第45話 イリス語と黒い石碑

  俺は飛王が好きだ。


 いつでも、どんな時も真っすぐで、明るくて、強くて。

 いつもみんなの中心になって、まとめて率いてくれる。


 そんな飛王の隣にいることは、双子の俺にとっては当たり前のことだった。

 飛王の隣にいられることが誇りだったし、自慢の兄だった。


 でも、それが一生続くことに、一片の息苦しさも感じなかったかと問われれば、直ぐに首を縦に振れない自分がいる。

 

 俺は本当は一人になりたかったのだろうか。

 いや、そんなことは思っていない。

 今も、飛王の元に帰りたいし、飛王をそばで支えたいと思っている。


 でも、今この彼方の地に居て、優しい人々に囲まれて、ほっとしている自分もいる。

 このまま使命なんて忘れてしまって、みんなと穏やかに暮らしていきたい……そんな誘惑に負けそうになる。

 俺はやっぱり情けない奴だな……


「おーい」


「飛翔!」

「あ! すまない。ハダル」


 笑顔を含んだ声で何度も呼びかけられて、ようやく飛翔は我に返った。


 今はイリス語の勉強中。ハダルはとても教え方が上手な先生で、飛翔はアッと言う間にイリス語を習得した。

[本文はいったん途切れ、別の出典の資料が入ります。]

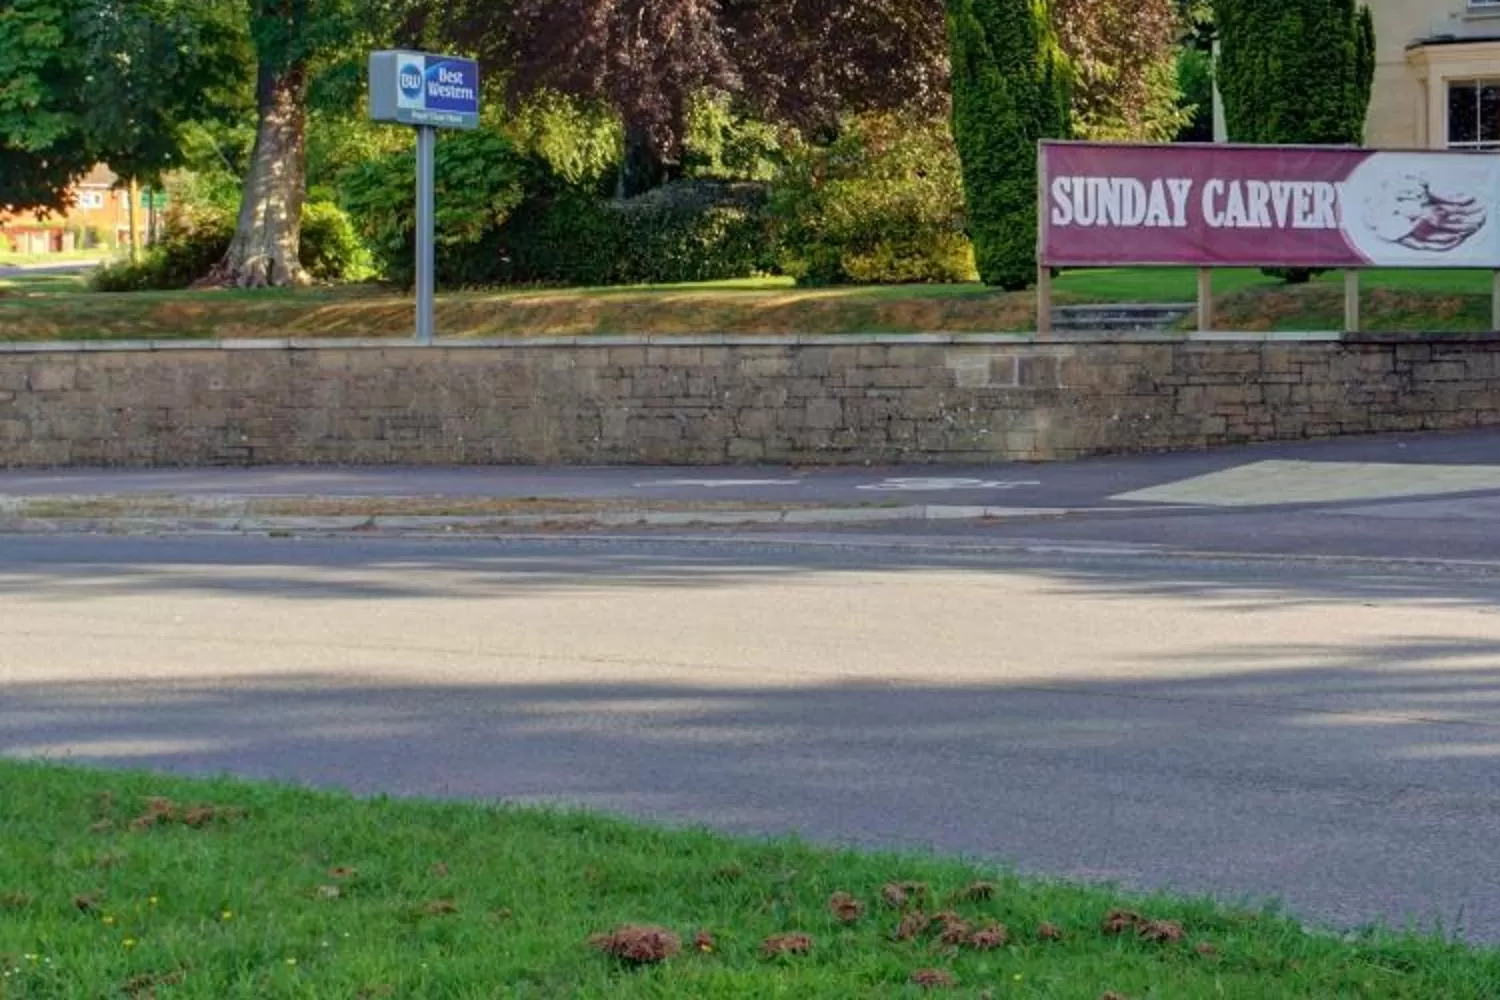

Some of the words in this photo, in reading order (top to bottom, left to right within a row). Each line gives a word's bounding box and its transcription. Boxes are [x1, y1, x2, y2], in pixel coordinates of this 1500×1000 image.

[439, 67, 463, 84] Best
[428, 81, 473, 100] Western
[1051, 176, 1193, 227] SUNDAY

 と言うよりも、あることに気づいたと言う方が正しい。


 発音と文法が、エストレア語に似ていたのである。

 

 聖杜せいととは遠く離れた海上の島、イリス島。

 そんなところでエストレア語が普通に使われているとは、どう言う事なのかと驚く。


 だが、全てがエストレア語と言うわけでは無い。

 あの花のようなエストレア文字は一切使われていない。

 使われている文字は、キリエラ文字。もともとはキリトの文字なので、今のキルディア文字と近い。だからハダルが、キルディア語とイリス語は似ていると言っていたのだと納得した。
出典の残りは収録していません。